Military experience gained from fighting in Syria’s civil war and decades of clashes with Israel has strengthened the Iran-backed group, but politically, its clout among Lebanon’s populace may be waning.
Summary
- Hezbollah wields significant power in Lebanon, where it operates as both a Shiite Muslim political party and militant group.
- It opposes Israel and Western powers operating in the Middle East, and it functions as a proxy of Iran, its largest benefactor.
- The group has faced unprecedented scrutiny from the Lebanese public amid the country’s political and economic crisis.
Introduction
Hezbollah is a Shiite Muslim political party and militant group based in Lebanon, where its extensive security apparatus, political organization, and social services network have fostered its reputation as “a state within a state.” Founded in the chaos of the fifteen-year Lebanese Civil War, the Iran-backed group is driven by its opposition to Israel and its resistance to Western influence in the Middle East.
With its history of carrying out global terrorist attacks, parts of Hezbollah—and in some cases the entire organization—have been designated as a terrorist group by the United States and many other countries. In recent years, long-standing alliances with Iran and Syria have transformed Hezbollah into an increasingly effective military force, one that experts say would pose a formidable challenge in the event of new fighting against its longtime enemy Israel. At the same time, however, Hezbollah officials and other leaders in Lebanon are facing public discontent as the nation verges on failure, and Hezbollah’s political power could be shrinking.
How did Hezbollah originate?
Hezbollah emerged during Lebanon’s fifteen-year civil war, which broke out in 1975 when long-simmering discontent over the large, armed Palestinian presence in the country reached a boiling point. Various Lebanese sectarian communities held different positions on the nature of the Palestinian challenge.
Under a 1943 political agreement, political power is divided among Lebanon’s predominant religious groups—a Sunni Muslim serves as prime minister, a Maronite Christian as president, and a Shiite Muslim as the speaker of Parliament. Tensions between these groups evolved into civil war as several factors upset the delicate balance. The Sunni population had grown with the arrival of Palestinian refugees in Lebanon, while Shiites felt increasingly marginalized by the ruling Christian minority. Amid the infighting, Israeli forces invaded southern Lebanon in 1978 and again in 1982 to expel Palestinian guerrilla fighters that used the region as their base to attack Israel.
A group of Shiites influenced by the theocratic government in Iran—the region’s major Shiite government, which came to power in 1979—took up arms against the Israeli occupation.

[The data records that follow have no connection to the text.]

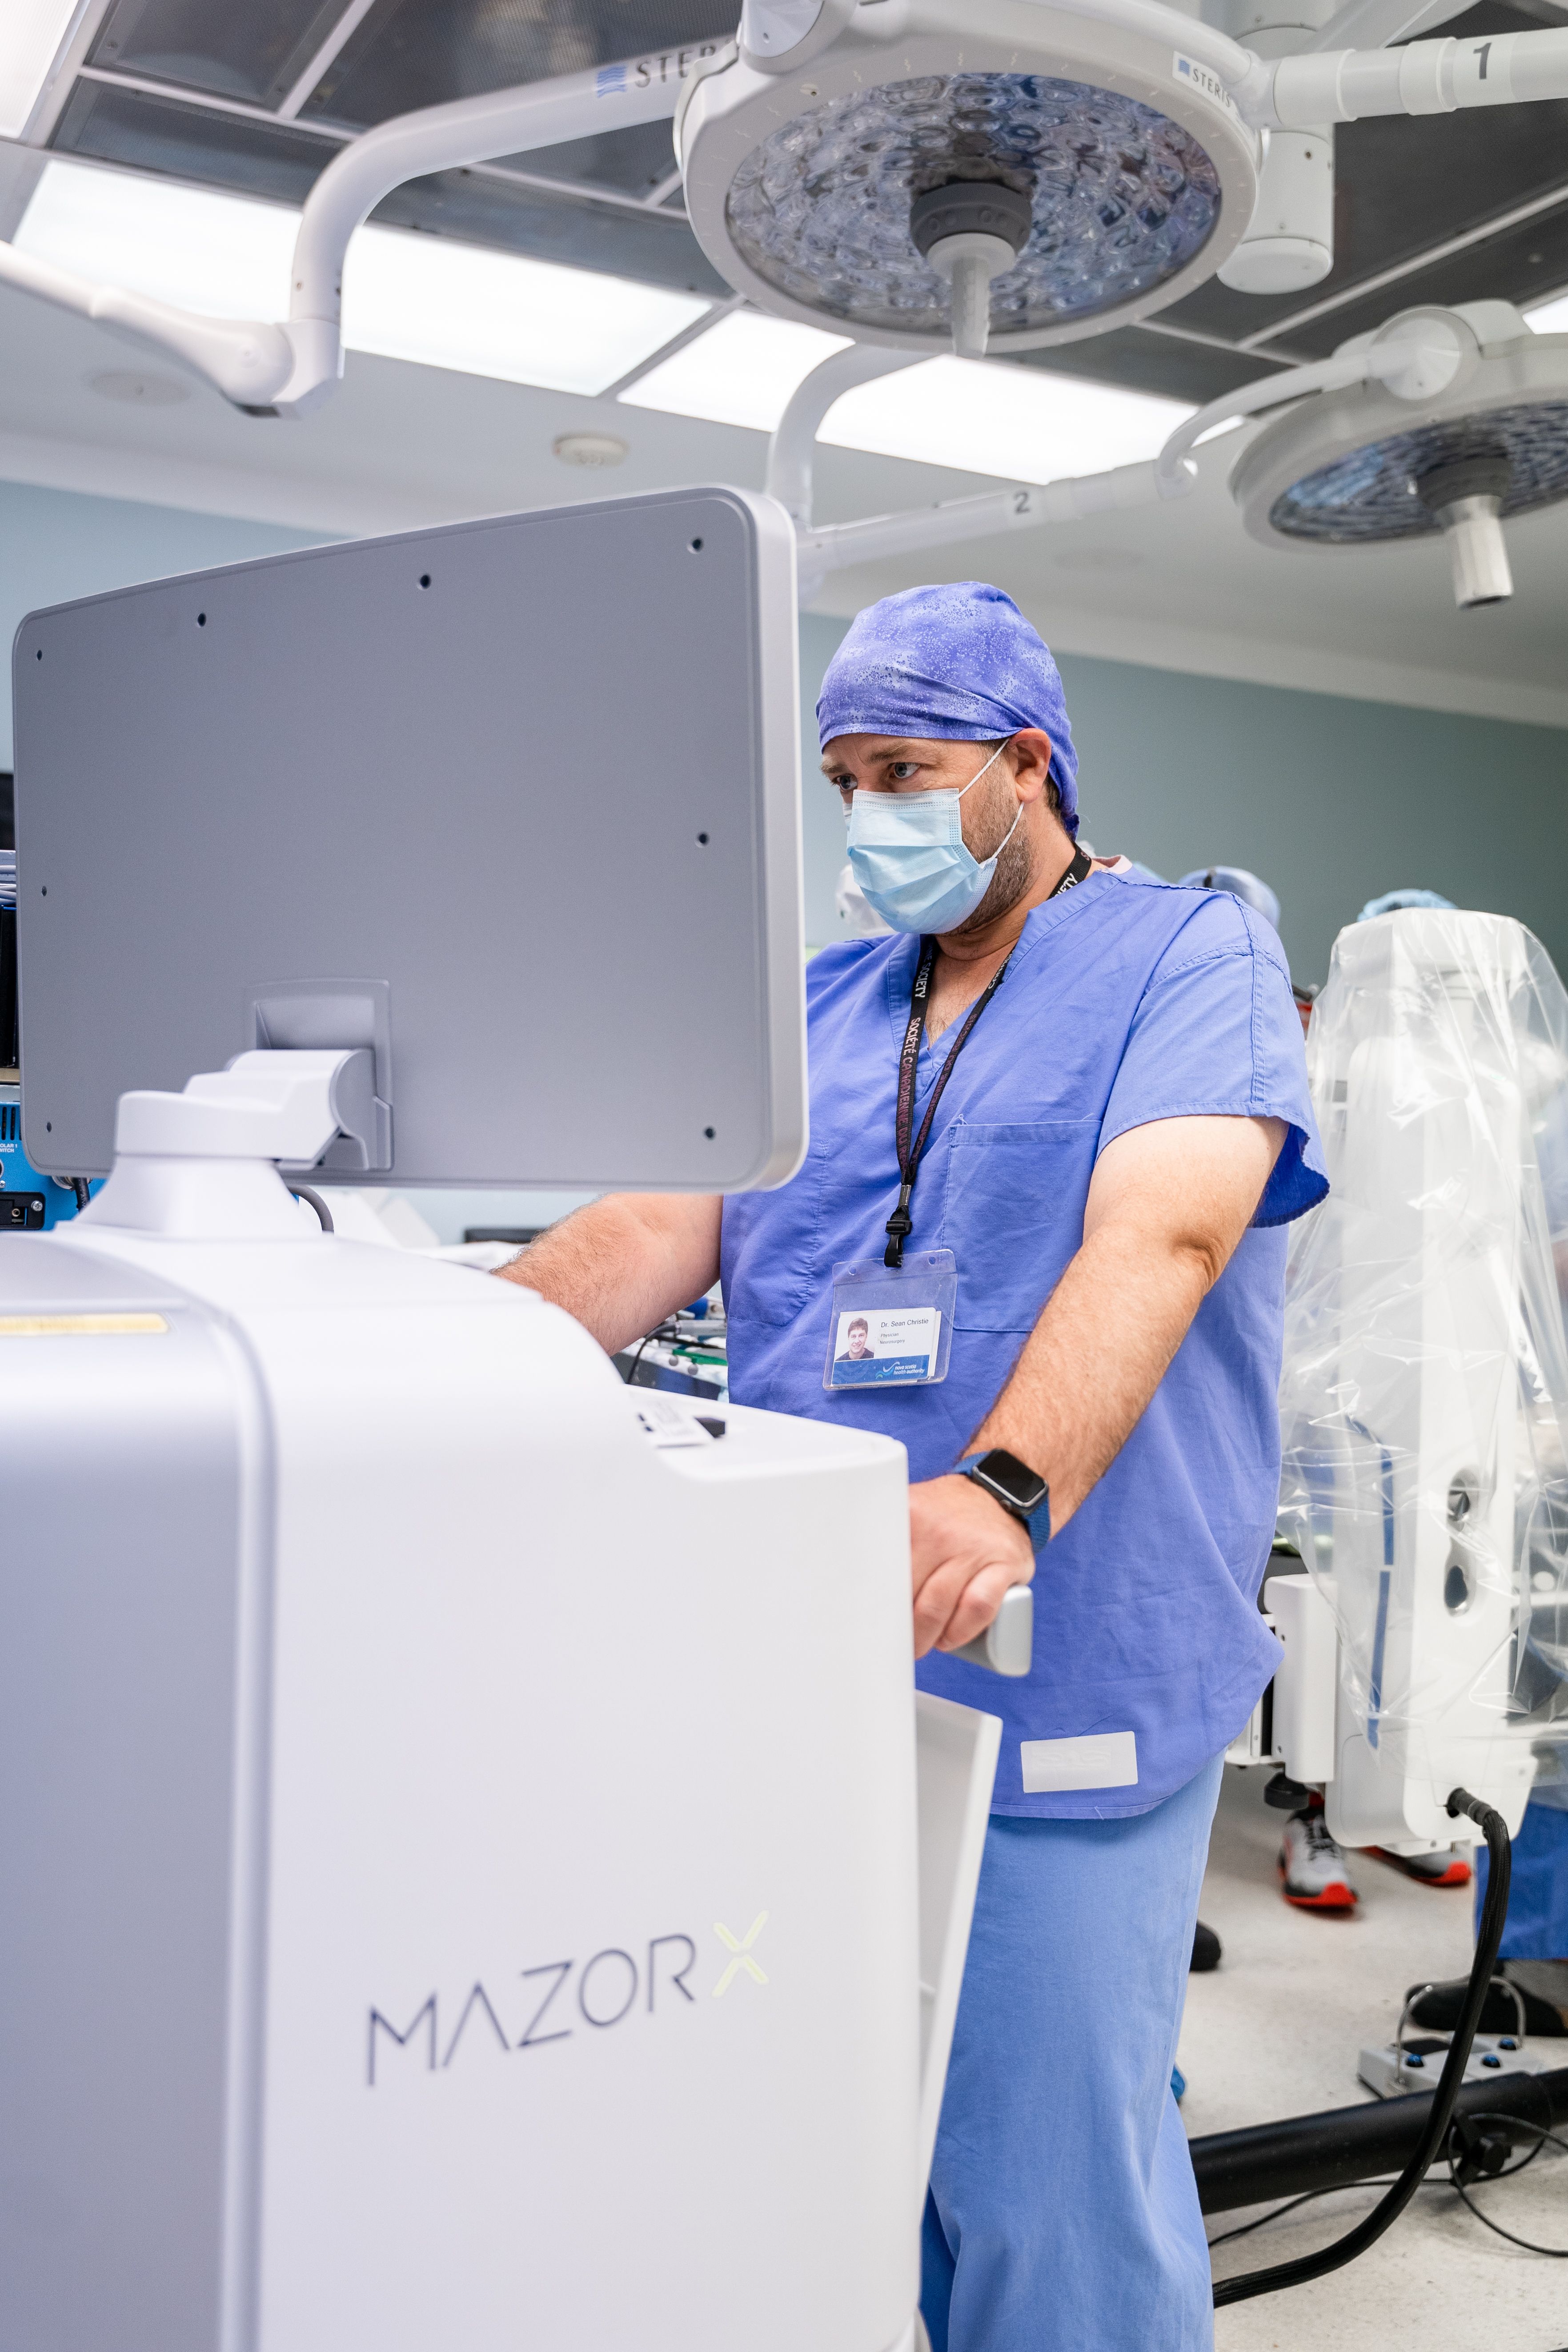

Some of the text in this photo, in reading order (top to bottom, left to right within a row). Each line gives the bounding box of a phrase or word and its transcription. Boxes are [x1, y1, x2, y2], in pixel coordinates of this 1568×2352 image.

[1472, 42, 1492, 80] 1
[1192, 68, 1231, 108] STERIS
[1013, 490, 1031, 514] 2
[1055, 873, 1078, 896] IETY
[915, 963, 931, 998] SOCIETY
[903, 1017, 921, 1056] SOCIÉTÉ
[898, 1057, 913, 1126] CANADIENNE
[898, 1127, 908, 1144] DU
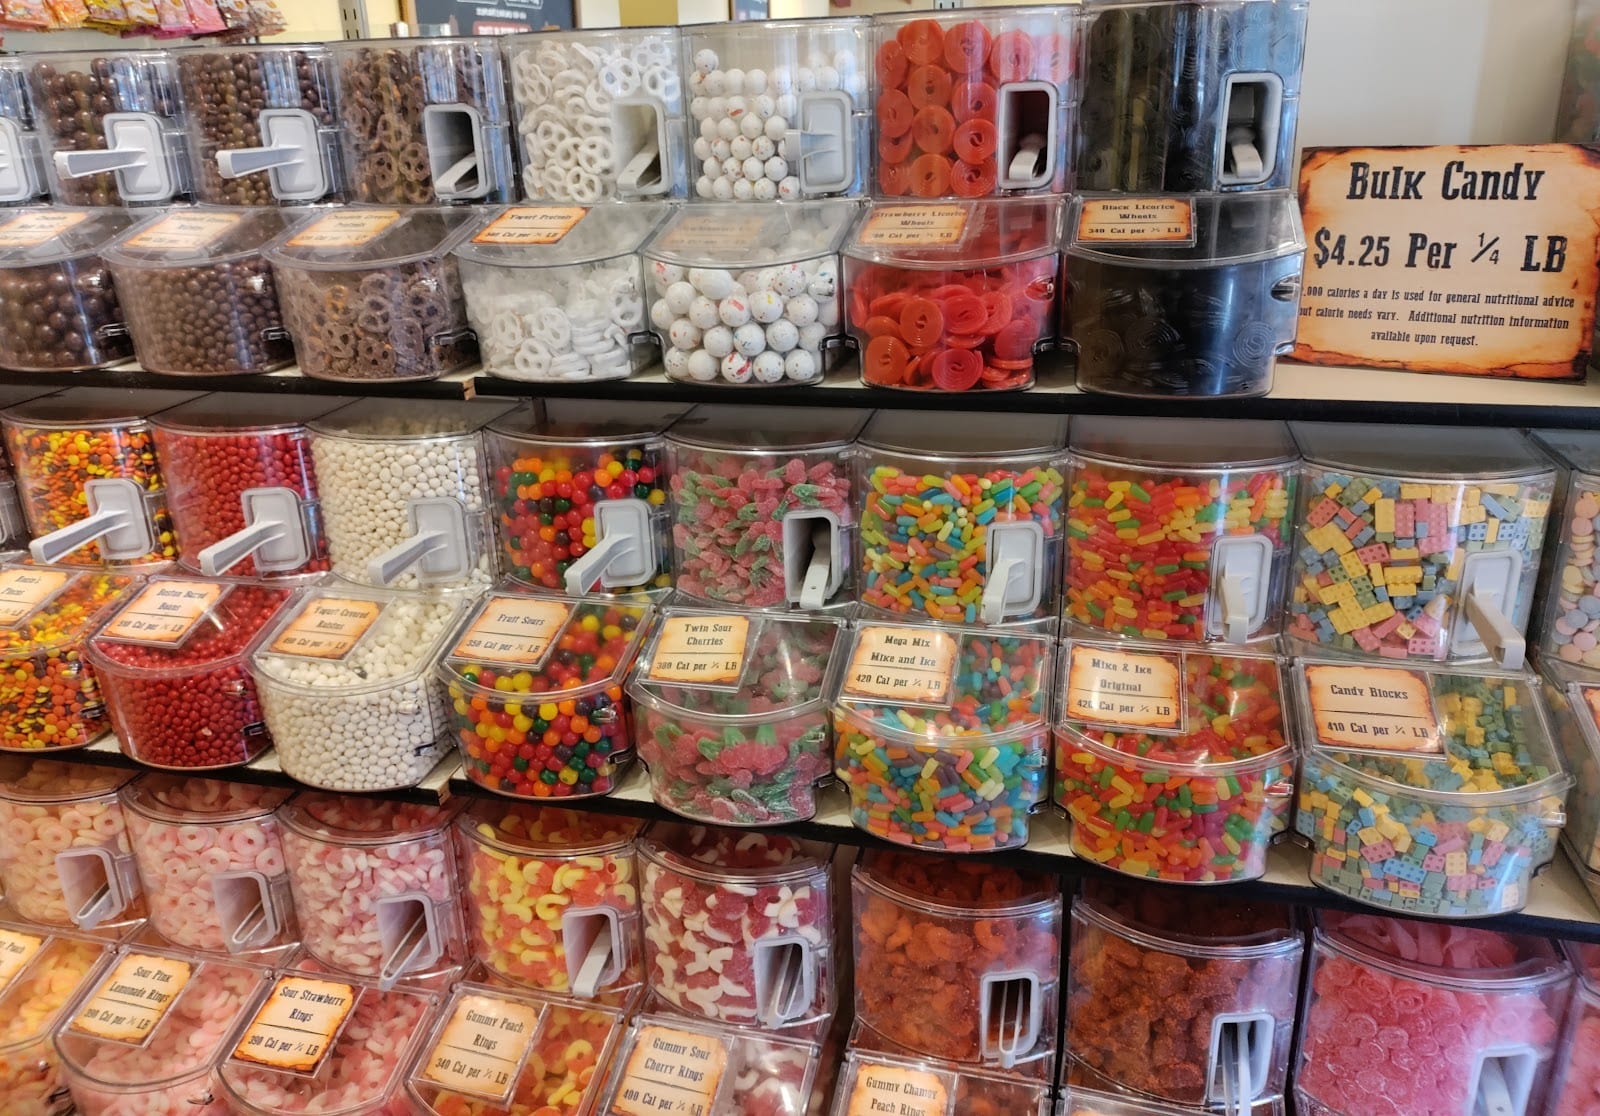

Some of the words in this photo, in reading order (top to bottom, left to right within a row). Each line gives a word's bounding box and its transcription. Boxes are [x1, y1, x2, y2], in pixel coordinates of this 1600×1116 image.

Seeing an opportunity to expand its influence in Arab states, Iran and its Islamic Revolutionary Guard Corps (IRGC) provided funds and training to the budding militia, which adopted the name Hezbollah, meaning “The Party of God.” It earned a reputation for extremist militancy due to its frequent clashes with rival Shiite militias, such as the Amal Movement, and attacks on foreign targets, including the 1983 suicide bombing of barracks housing U.S. and French troops in Beirut, in which more than three hundred people died. Hezbollah became a vital asset to Iran, bridging Shiite Arab-Persian divides as Tehran established proxies throughout the Middle East.
Hezbollah bills itself as a Shiite resistance movement, and it enshrined its ideology in a 1985 manifesto that vowed to expel Western powers from Lebanon, called for the destruction of the Israeli state, and pledged allegiance to Iran’s supreme leader. It also advocated an Iran-inspired Islamist regime, but emphasized that the Lebanese people should have the freedom of self-determination.
How is it organized?
Hezbollah is led by Hassan Nasrallah, who took over as secretary-general in 1992 after Israel assassinated the group’s cofounder and previous leader, Abbas Al-Musawi. Nasrallah oversees the seven-member Shura Council and its five subcouncils: the political assembly, the jihad assembly, the parliamentary assembly, the executive assembly, and the judicial assembly. The U.S. State Department estimates that Hezbollah has tens of thousands of members and other supporters worldwide.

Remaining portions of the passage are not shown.